Colonoscopies are being performed more often on healthier dialysis patients than on those with more limited life expectancies; however, overall, dialysis patients are being screened at a much higher rate relative to their life expectancy than their counterparts without kidney failure.
A new analysis reveals a relatively high rate of colon cancer screening among U.S. patients on dialysis, even though they rarely stand to benefit from such screening. The findings appear in the Journal of the American Society of Nephrology (JASN).
The American Society of Nephrology recommends against colon cancer screening among patients receiving maintenance dialysis with limited life expectancy and without signs or symptoms, because of the high rates of death among patients receiving dialysis who are not candidates for a kidney transplant.
A team led by Kirsten Johansen, MD, and Christopher Carlos, MD, from University of California, San Francisco, looked to see how many US dialysis patients aged ≥50 years were being screened and whether testing was appropriately targeted toward healthier patients on dialysis.
The investigators evaluated 469,574 Medicare beneficiaries receiving dialysis between 2007 and 2012 and ranked them according to their expected survival. Over a median follow-up of 1.5 years, 11.6% of patients received a colon cancer screening.
The healthiest quarter of patients were 1.53-times more likely to be screened than the sickest quarter of patients, and those most likely to receive a kidney transplant were 1.68-times more likely to be screened than those least likely to receive a kidney transplant.

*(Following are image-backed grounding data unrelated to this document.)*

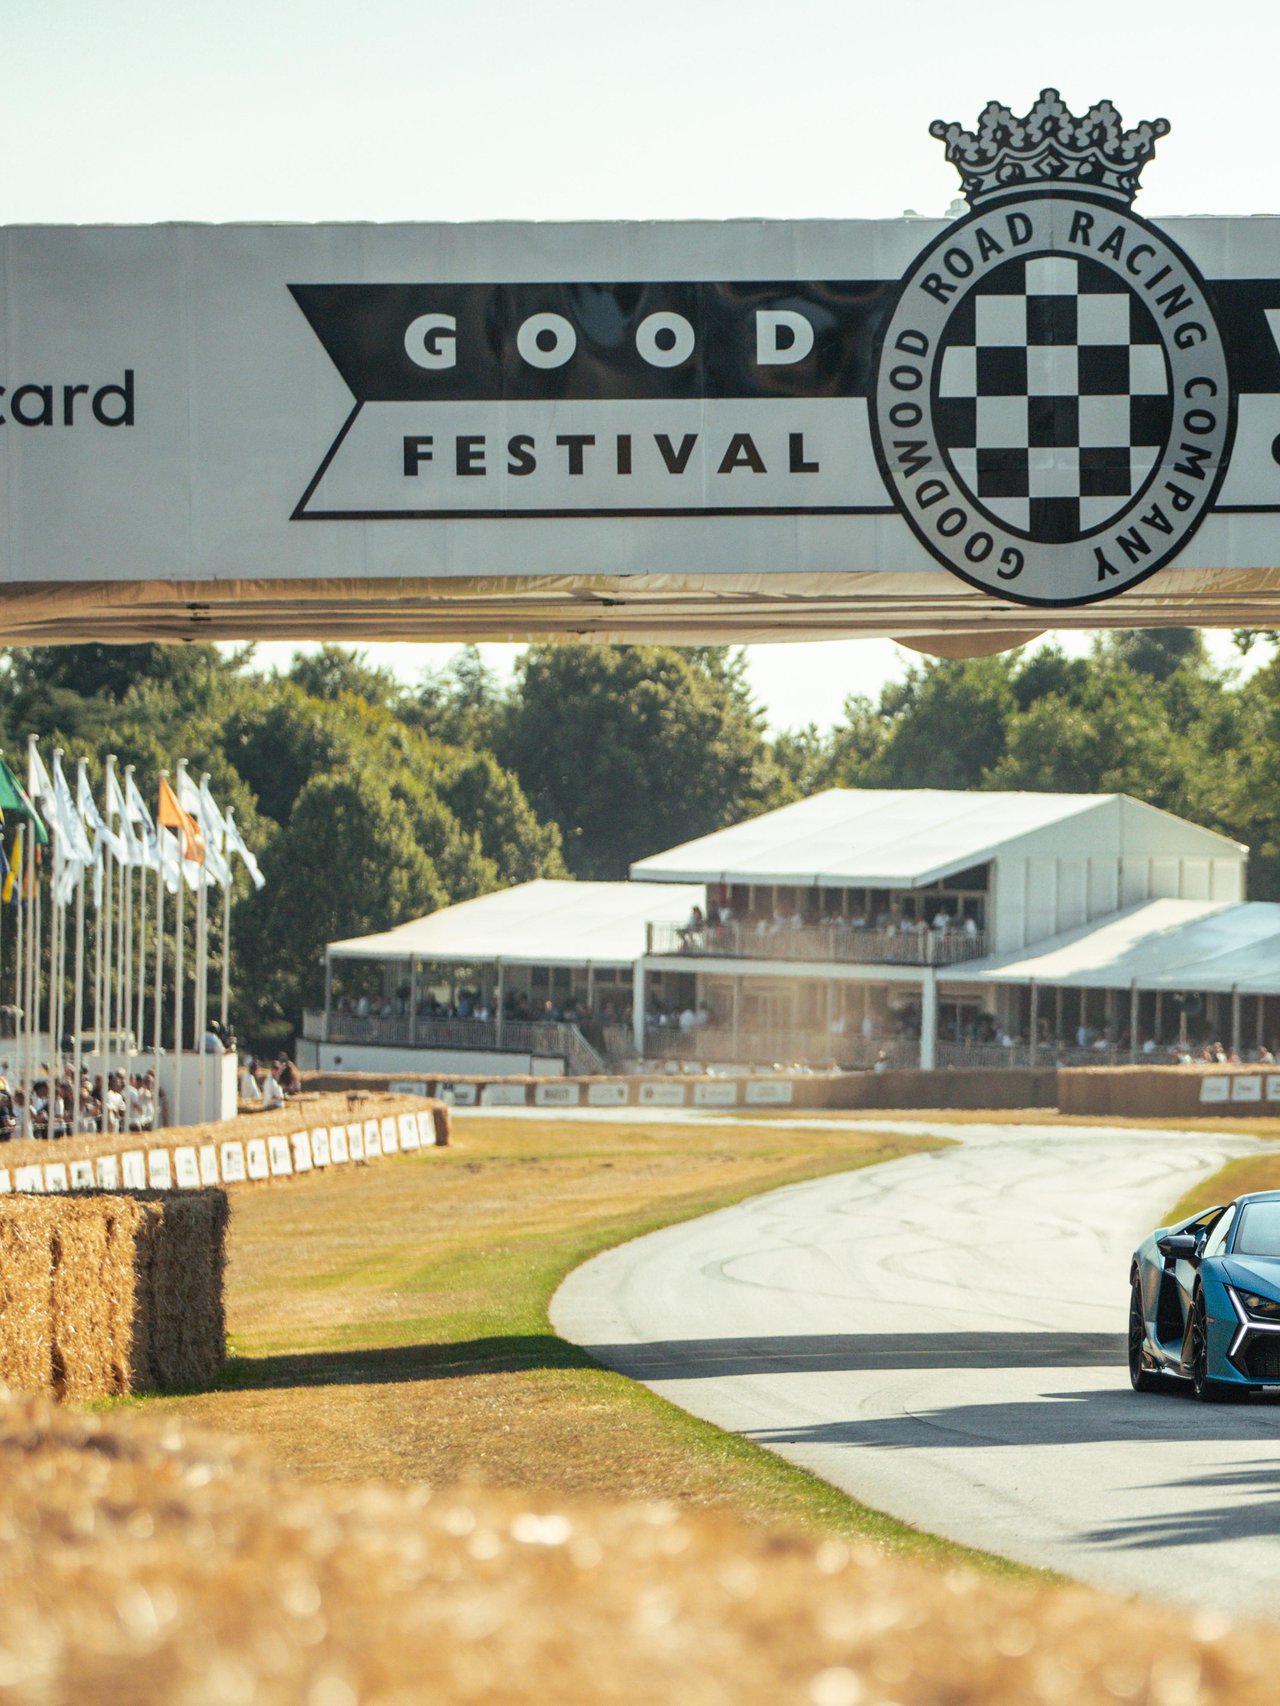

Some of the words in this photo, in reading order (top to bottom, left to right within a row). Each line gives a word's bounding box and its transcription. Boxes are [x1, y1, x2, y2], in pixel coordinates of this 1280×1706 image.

[919, 212, 1034, 305] ROAD
[1068, 209, 1208, 350] RACING
[404, 310, 815, 370] GOOD
[0, 369, 134, 427] ard
[403, 433, 820, 476] FESTIVAL
[889, 328, 1025, 580] GOODWOOD
[1093, 376, 1218, 582] COMPANY

Although screening was performed more often among healthier patients, the overall screening rate was fairly high, at a rate of 27.9 colonoscopies per 1000 person-years. This rate is over 8-times higher than the rate of 3.4 per 1000 person-years found among Medicare beneficiaries not on dialysis with similarly limited life expectancies.

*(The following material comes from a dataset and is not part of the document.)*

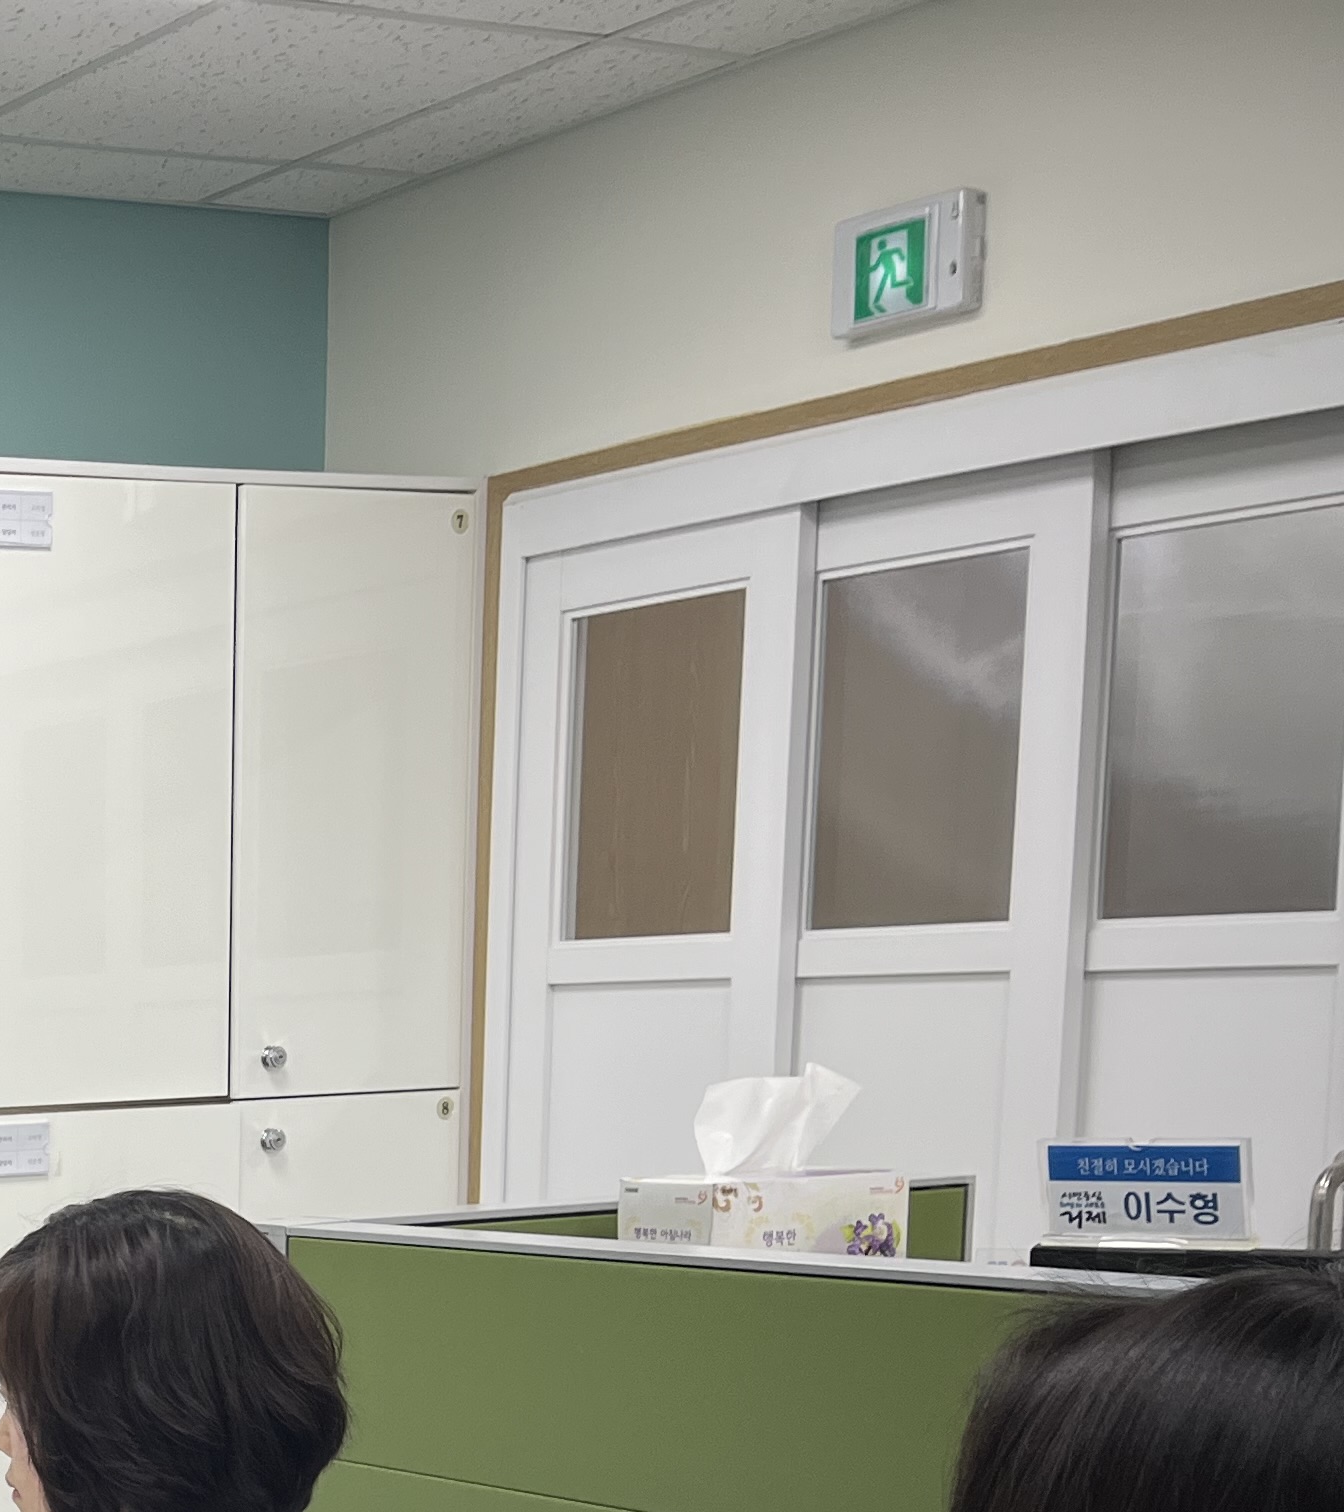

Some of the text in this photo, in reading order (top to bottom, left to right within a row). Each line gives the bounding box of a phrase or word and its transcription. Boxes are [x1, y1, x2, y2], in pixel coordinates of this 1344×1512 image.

“While our findings suggest that the patients with the longest life expectancy and greatest chances of receiving a kidney transplant are the most likely to be screened, there remains a substantial amount of over-screening overall among patients on dialysis,” said Johansen.
“Physicians should carefully evaluate patients’ prognoses and consider the likelihood that they will truly benefit before ordering screening tests,” said Carlos.